PROBLEM:
Each entry is to be retyped without alteration, and no picture is to be included.

INPUT DATA:
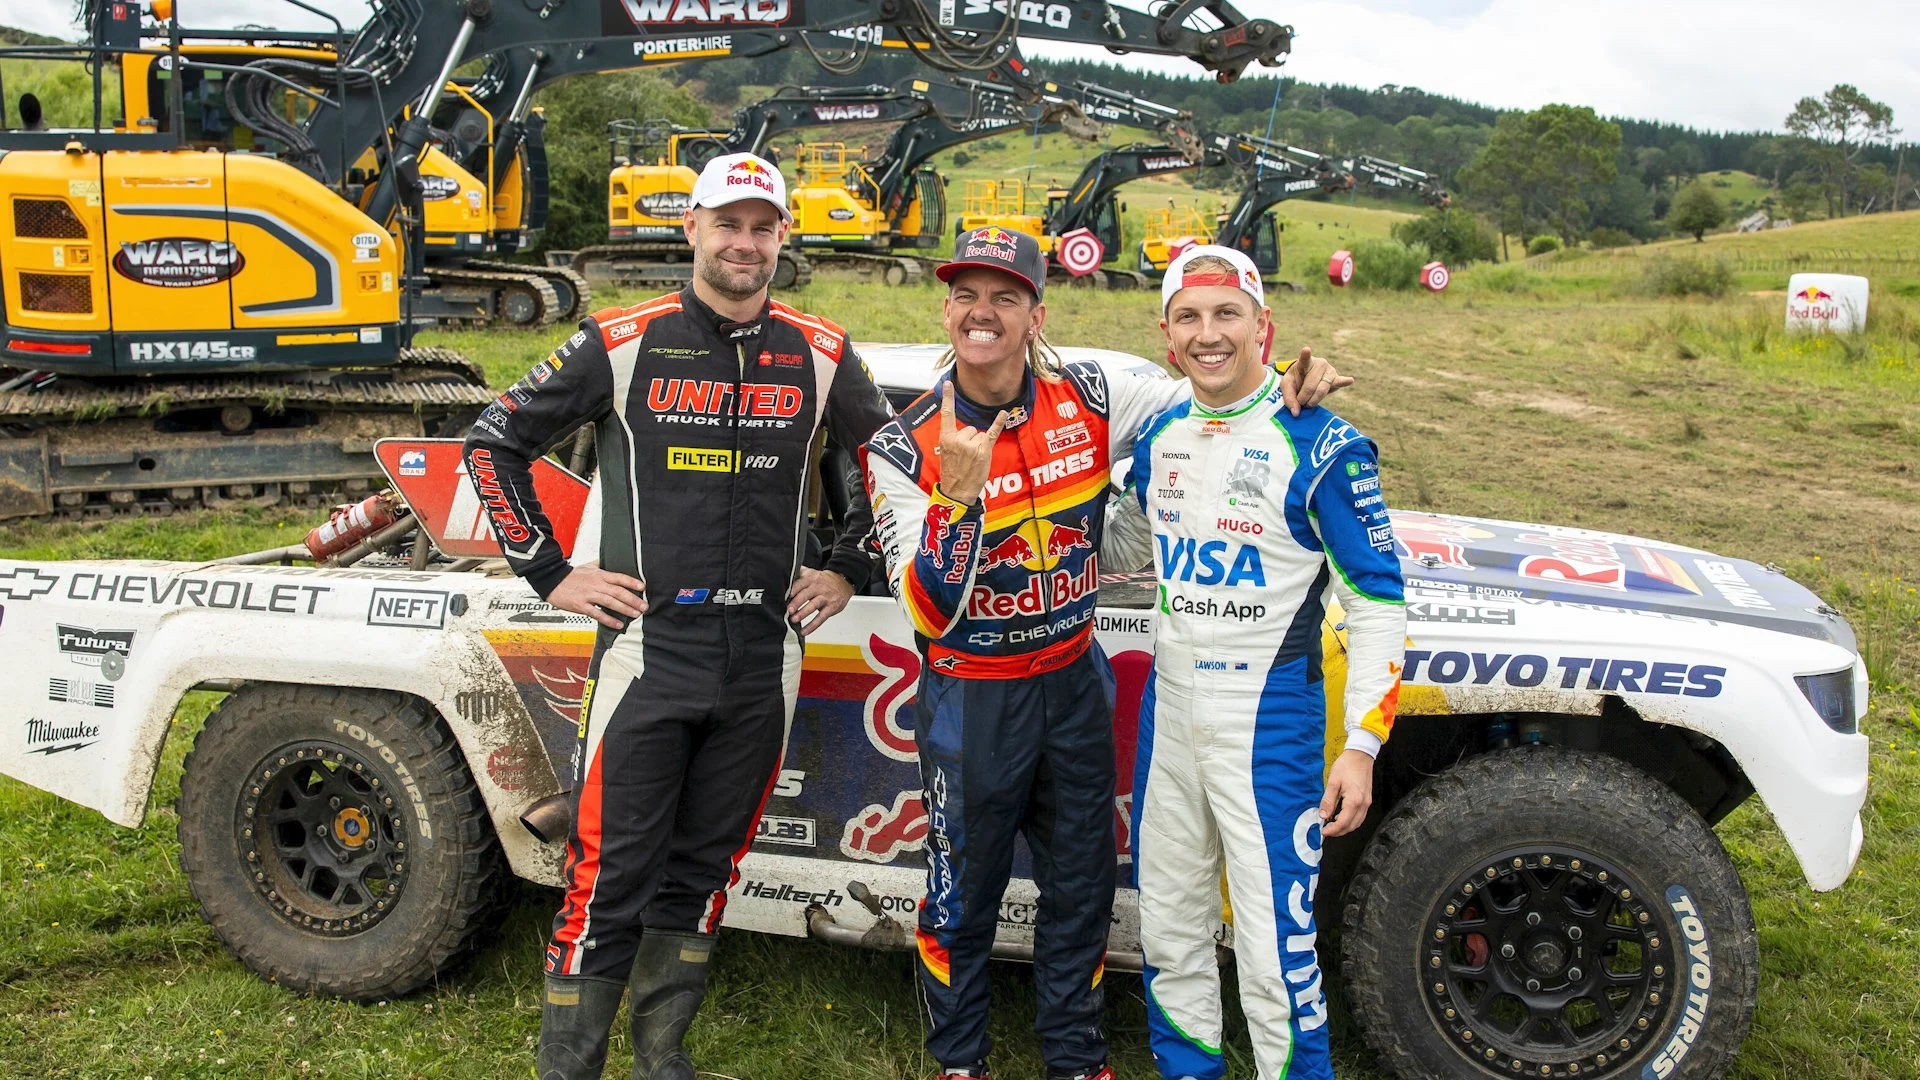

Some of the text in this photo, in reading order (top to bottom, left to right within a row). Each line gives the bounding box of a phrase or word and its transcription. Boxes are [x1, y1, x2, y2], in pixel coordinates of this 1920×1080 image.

[634, 35, 732, 55] PORTERHIRE
[814, 105, 879, 121] WARD
[727, 174, 774, 195] Red Bull
[641, 194, 692, 209] WAR
[120, 241, 237, 267] WARD
[965, 244, 1015, 262] Red Bull
[143, 266, 217, 278] DEMOLITION
[1790, 305, 1838, 319] Red Bull
[610, 323, 638, 338] OMP
[814, 334, 838, 350] OMP
[130, 340, 256, 363] HX145CR
[647, 378, 803, 418] UNITED
[655, 415, 787, 429] TRUCK PARTS
[673, 453, 779, 469] FILTER PRO
[1162, 452, 1190, 460] HONDA
[1243, 447, 1269, 461] VISA
[1029, 449, 1093, 487] TIRES
[472, 448, 530, 543] UNITED
[1158, 489, 1184, 499] TUDOR
[1158, 509, 1180, 523] Mobil
[1217, 518, 1263, 535] HUGO
[945, 523, 976, 585] Red Bull
[1155, 534, 1266, 587] VISA
[316, 569, 442, 583] TIRES
[67, 573, 331, 615] CHEVROLET
[967, 551, 1099, 620] Red Bull
[1476, 587, 1523, 599] ROTARY
[376, 597, 438, 620] NEFT
[488, 601, 549, 613] Hampton
[1172, 595, 1266, 622] Cash App
[1094, 616, 1149, 634] ADMIKE
[1195, 660, 1226, 670] LAWSON
[1401, 650, 1727, 697] TOYO TIRES
[25, 717, 100, 744] Milwaukee
[333, 719, 432, 840] TOYO TIRES
[742, 880, 843, 906] Haltech
[874, 895, 916, 913] OTO
[1652, 895, 1711, 1080] TOYO TIRES

SOLUTION FOR THIS EXERCISE:
Some of the text in this photo, in reading order (top to bottom, left to right within a row). Each line gives the bounding box of a phrase or word and its transcription. Boxes are [x1, y1, x2, y2], in pixel coordinates of this 1920×1080 image.

[634, 35, 732, 55] PORTERHIRE
[814, 105, 879, 121] WARD
[727, 174, 774, 195] Red Bull
[641, 194, 692, 209] WAR
[120, 241, 237, 267] WARD
[965, 244, 1015, 262] Red Bull
[143, 266, 217, 278] DEMOLITION
[1790, 305, 1838, 319] Red Bull
[610, 323, 638, 338] OMP
[814, 334, 838, 350] OMP
[130, 340, 256, 363] HX145CR
[647, 378, 803, 418] UNITED
[655, 415, 787, 429] TRUCK PARTS
[673, 453, 779, 469] FILTER PRO
[1162, 452, 1190, 460] HONDA
[1243, 447, 1269, 461] VISA
[1029, 449, 1093, 487] TIRES
[472, 448, 530, 543] UNITED
[1158, 489, 1184, 499] TUDOR
[1158, 509, 1180, 523] Mobil
[1217, 518, 1263, 535] HUGO
[945, 523, 976, 585] Red Bull
[1155, 534, 1266, 587] VISA
[316, 569, 442, 583] TIRES
[67, 573, 331, 615] CHEVROLET
[967, 551, 1099, 620] Red Bull
[1476, 587, 1523, 599] ROTARY
[376, 597, 438, 620] NEFT
[488, 601, 549, 613] Hampton
[1172, 595, 1266, 622] Cash App
[1094, 616, 1149, 634] ADMIKE
[1195, 660, 1226, 670] LAWSON
[1401, 650, 1727, 697] TOYO TIRES
[25, 717, 100, 744] Milwaukee
[333, 719, 432, 840] TOYO TIRES
[742, 880, 843, 906] Haltech
[874, 895, 916, 913] OTO
[1652, 895, 1711, 1080] TOYO TIRES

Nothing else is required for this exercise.